In this way, this is not a war about Ukraine per se, but rather about the leadership of a powerful country that believes it can unilaterally dictate through force and undermine the principles of international relations and law. The West has quickly realised that if not confronted, others could be emboldened to do the same.
In contrast to Russia’s debilitating challenges, Western credibility has been enhanced by the role of its intelligence agencies, which correctly reported on the concentration and intentions of the Russian forces and then, nearly to the hour, predicted the invasion. This involved much more than satellite imagery, flights and drones, but also the analysis of other movements including blood banks and specialist equipment needed in the event of an actual invasion.
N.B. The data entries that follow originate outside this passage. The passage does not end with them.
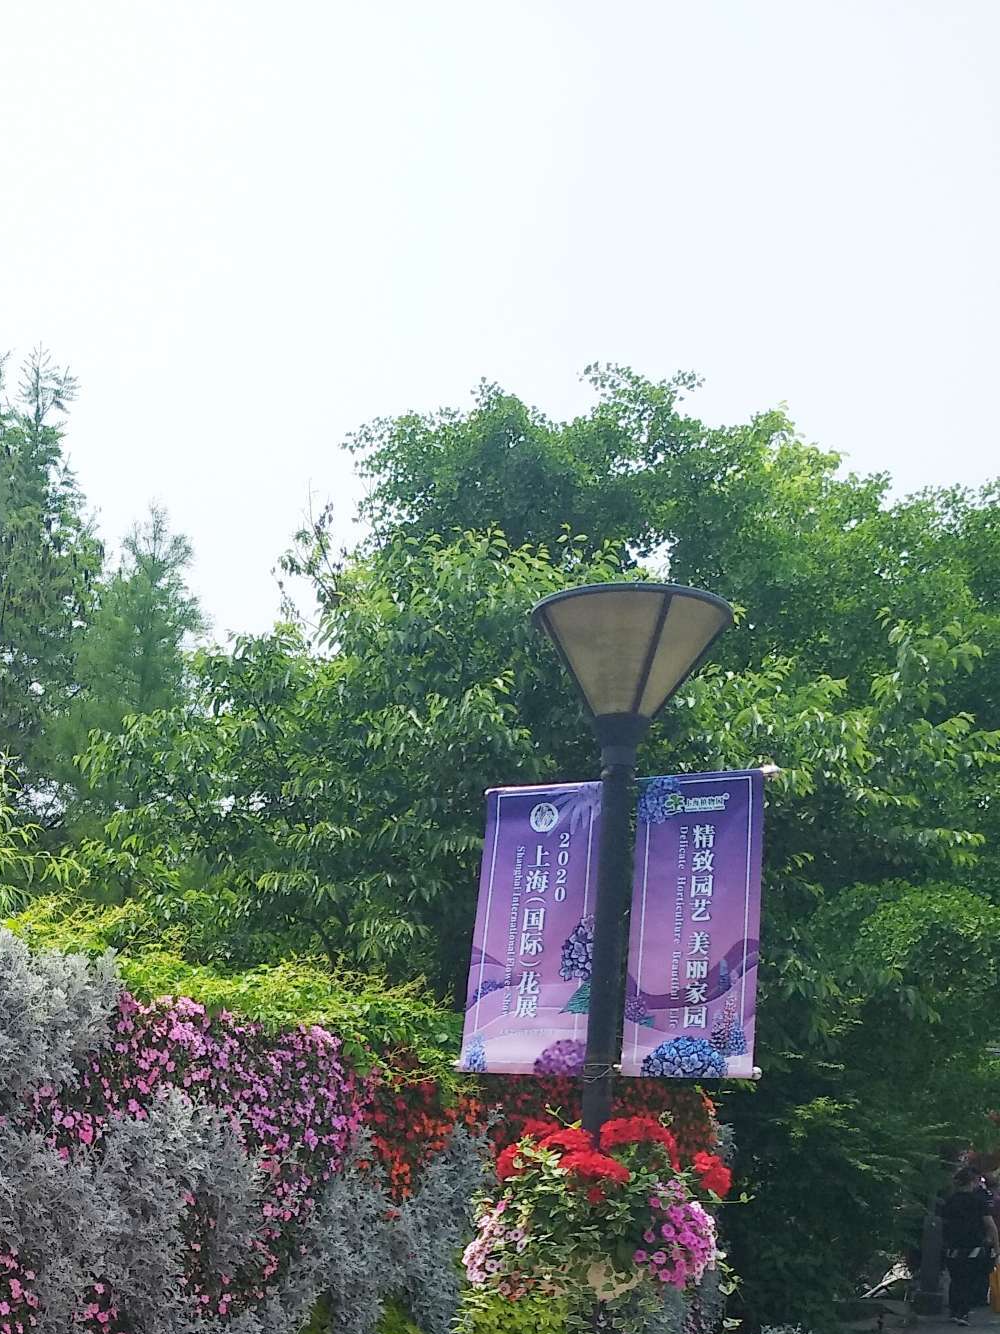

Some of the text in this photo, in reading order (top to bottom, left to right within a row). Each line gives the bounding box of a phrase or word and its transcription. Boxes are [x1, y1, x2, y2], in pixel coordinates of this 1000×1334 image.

[554, 833, 571, 902] 2020
[690, 824, 716, 922] 精致园艺
[501, 846, 526, 1017] Shanghai International Flower Show
[669, 826, 689, 1029] Delicate Horticulture Beautiful Life
[683, 931, 711, 1029] 美丽家园
As the former British foreign secretary Malcolm Rifkind has noted, “Just as impressive as the technical and professional brilliance of MI6, GCHQ and their American counterparts was the political decision to broadcast these intelligence discoveries and not keep them for purely internal consumption. Normally, intelligence agencies are opposed to letting the adversary know what they have discovered.”
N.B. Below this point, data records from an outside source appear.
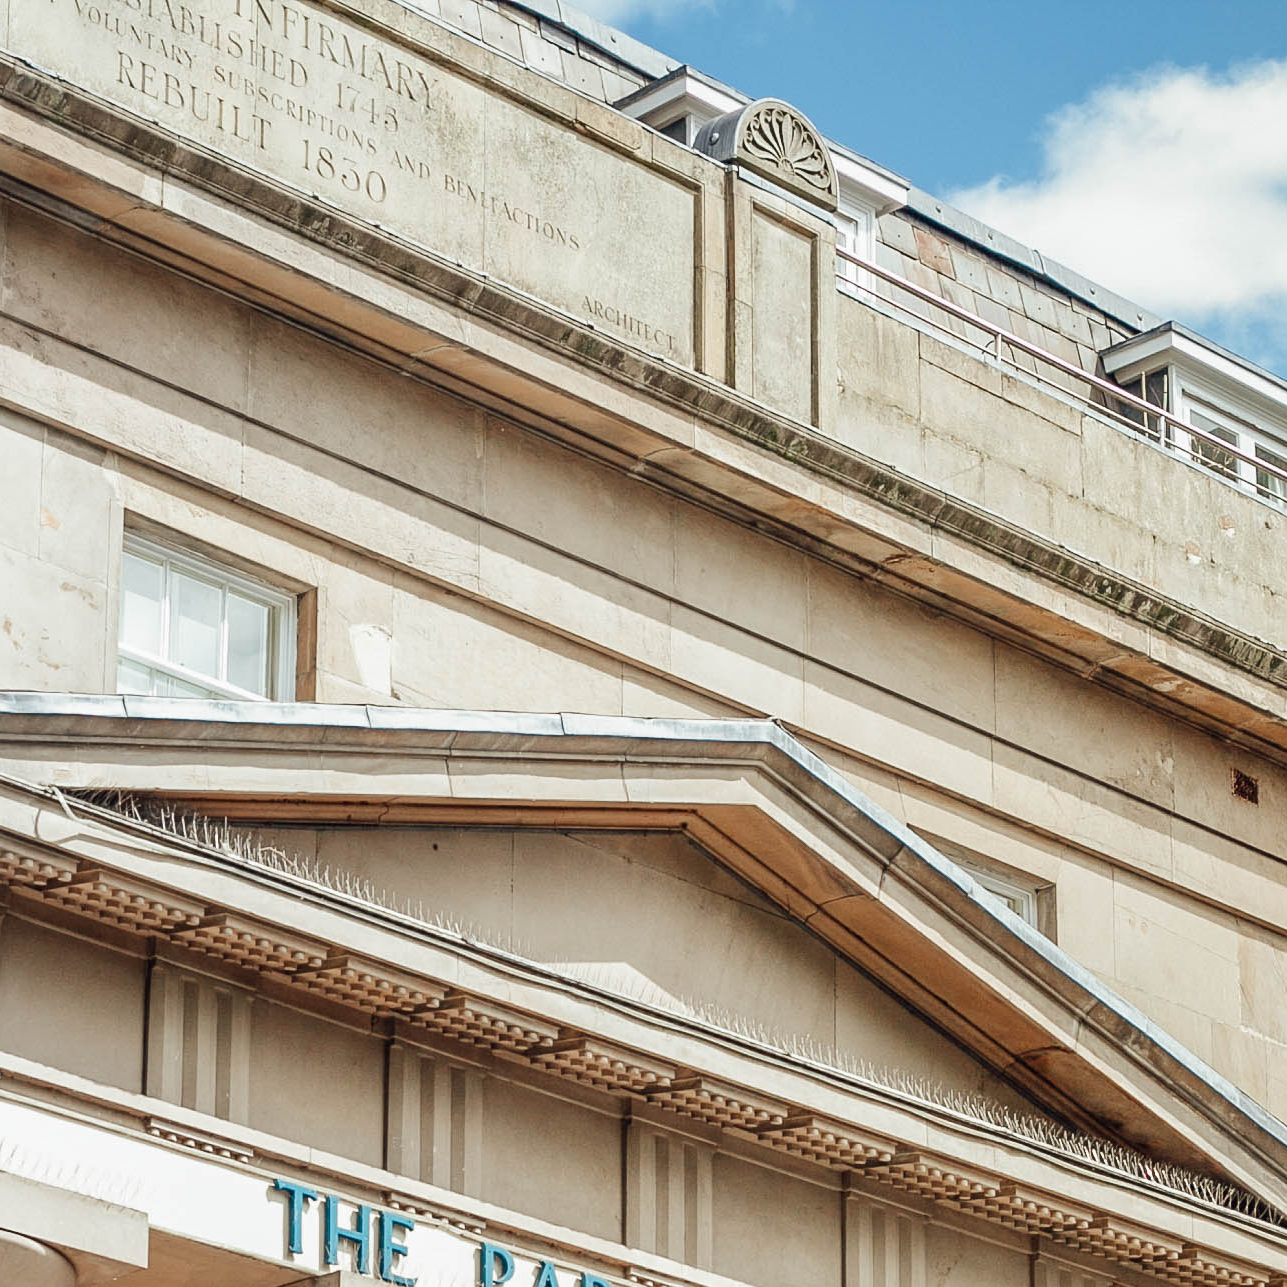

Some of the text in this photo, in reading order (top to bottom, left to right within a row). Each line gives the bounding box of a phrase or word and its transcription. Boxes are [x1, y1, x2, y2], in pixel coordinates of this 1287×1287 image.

[116, 50, 387, 204] REBUILT 1830
[214, 65, 378, 155] SUBSCRIPTIONS
[391, 150, 431, 180] AND
[581, 295, 675, 351] ARCHITECT
[272, 1178, 419, 1287] THE
The West has learnt “vital lessons”, he writes, as to “how to dominate the information space and use intelligence in creative ways”. By contrast, the Russians look a bit silly — or at least duplicitous — given routine statements by Putin and Foreign Minister Sergey Lavrov, among others, that Western warnings about the imminent invasion were “pure fantasy”.
The West’s response, analysts believe, would have shocked the elites around Putin who saw Nato and the Europeans as weak, easily corrupted, distracted by the pandemic, inwardly focused and fascinated with China in the case of the Biden administration, and short-termist in their outlook.
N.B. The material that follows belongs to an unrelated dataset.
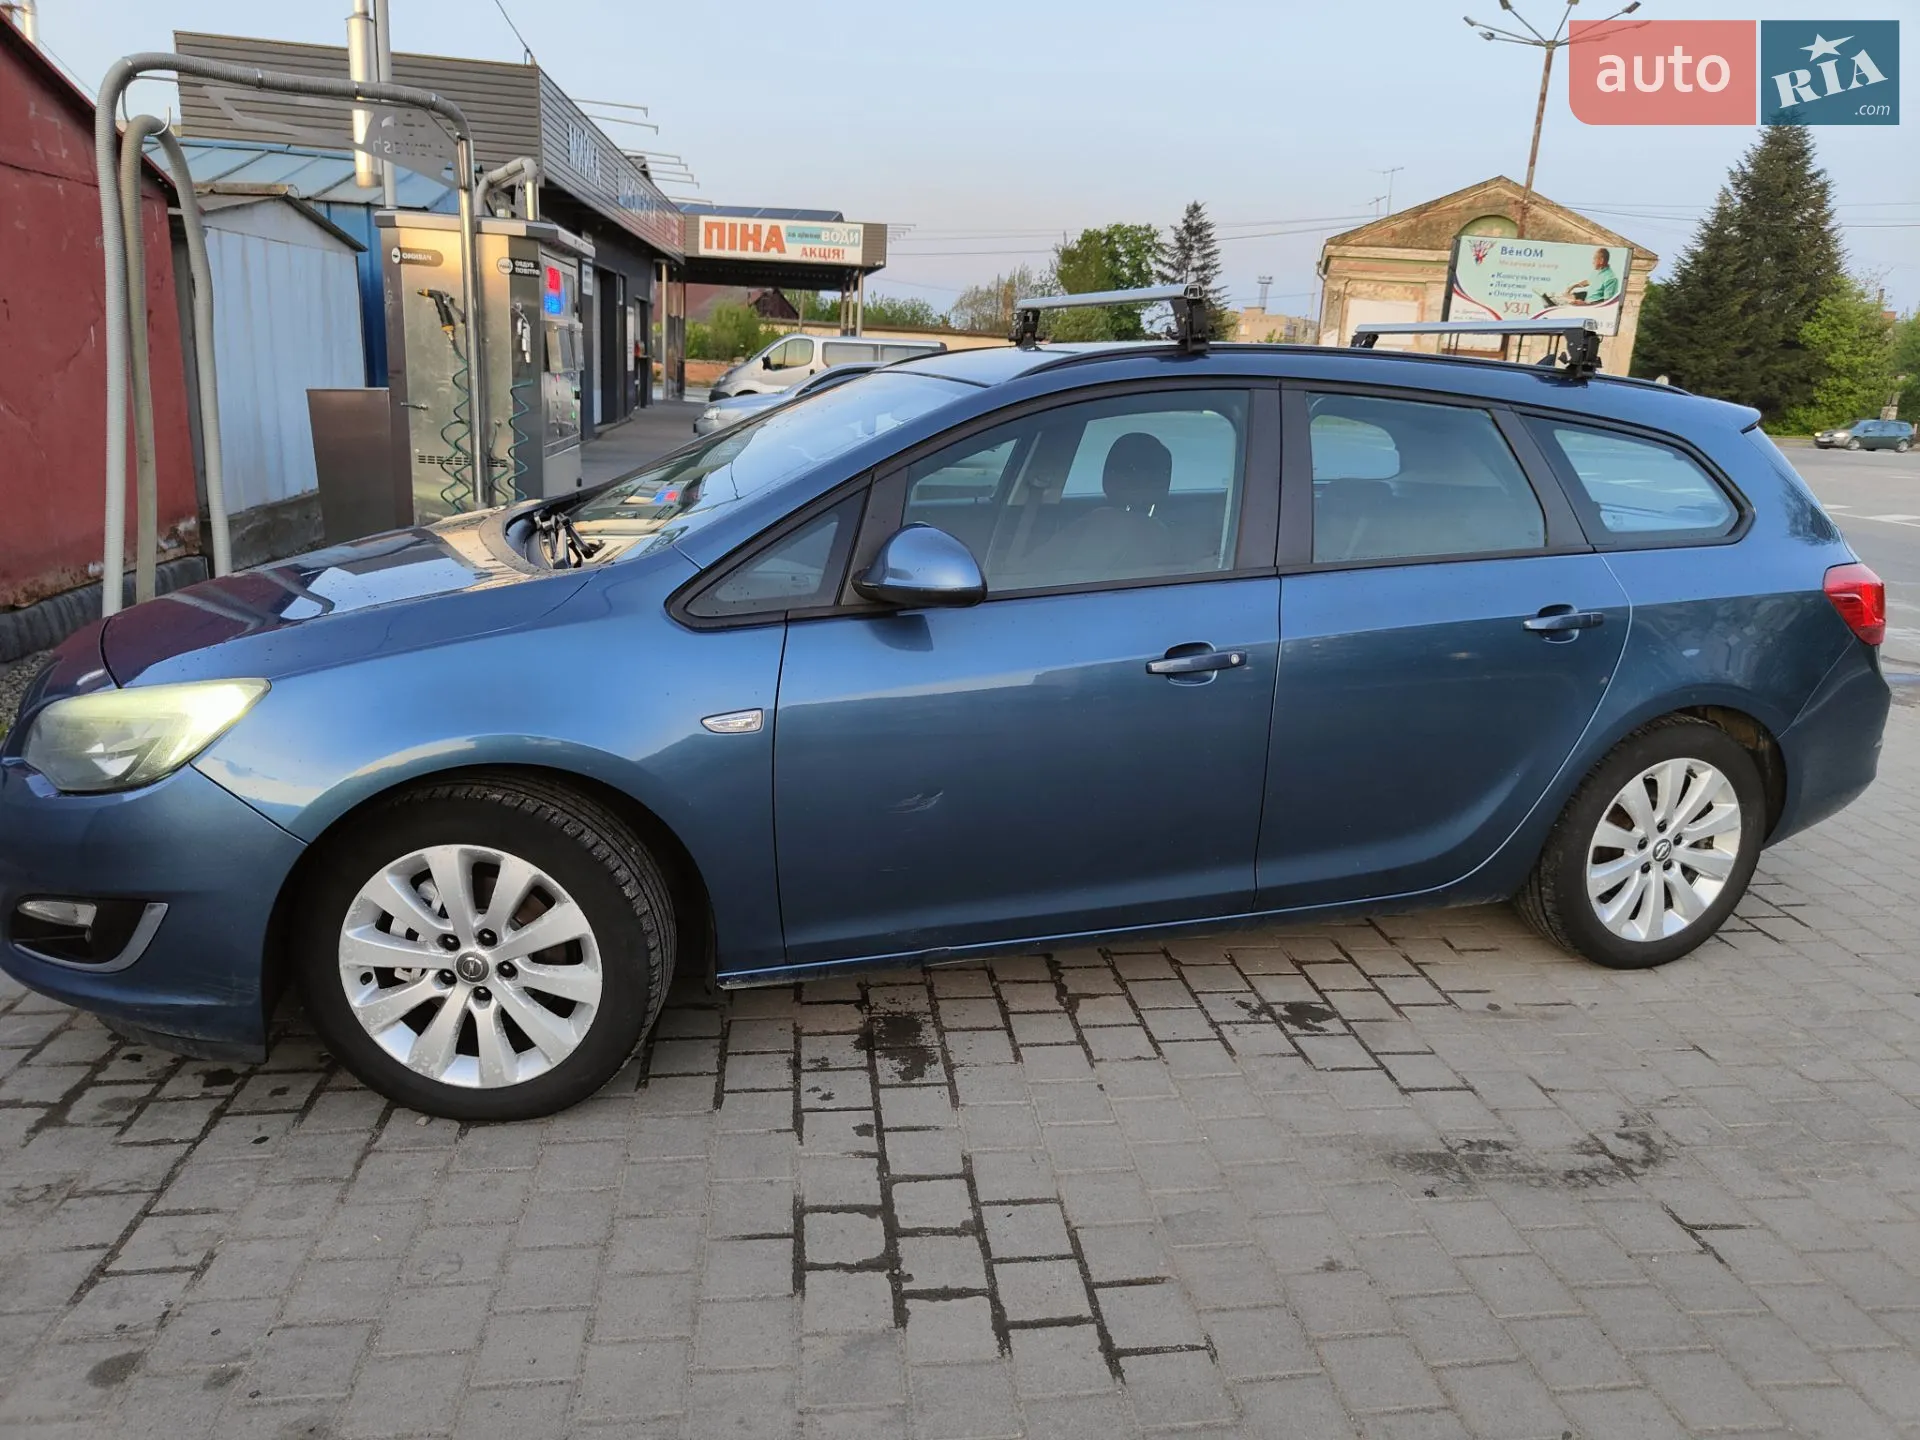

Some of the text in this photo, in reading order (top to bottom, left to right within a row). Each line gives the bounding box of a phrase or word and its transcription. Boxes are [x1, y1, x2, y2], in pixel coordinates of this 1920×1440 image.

[704, 220, 787, 254] ПІНА
[821, 230, 859, 245] ВОДИ
[800, 247, 845, 260] АКЦІЯ!
[1502, 301, 1531, 316] УЗД
There are several other immediate strategic takeaways of which Africa should take note.
One is to realise the necessity of regional partnerships beyond the rhetorical, both as a means of preventing war and, when that fails, ensuring materiel support.
The contemporary shift from letting your fighting do the talking to letting your talking do the fighting requires careful understanding of the effect to be achieved, the techniques (including media and diplomatic, governmental and non-governmental) available and the message to be delivered. In sum, there is a need to look strong, in control and steadily moving towards your stated objectives. Few African countries have managed to portray this convincingly, instead routinely reverting to appropriating the narrative of others without the credible means to deliver this.
Another lesson is to trust the West more (again). The ignominious fall of Kabul predictably led to questions about the reliability of the West as an ally. To an extent, these concerns were amplified in the run-up to the Ukraine invasion. On both Afghanistan and Ukraine, it is the West that had been warning for ages of the outcome but their policy regardless seemingly stayed fixed. In the case of Ukraine, Nato embarked on all the steps that gave Kyiv the ability to fight alongside the defence body but none of the protections of membership, a realist policy dressed up as a liberal one.
Then, remarkably, it sprung into action, culminating most recently in Germany’s commitment to spend 2% of its GDP on defence, an extra €100-billion that not even former President Donald Trump could bully Berlin into.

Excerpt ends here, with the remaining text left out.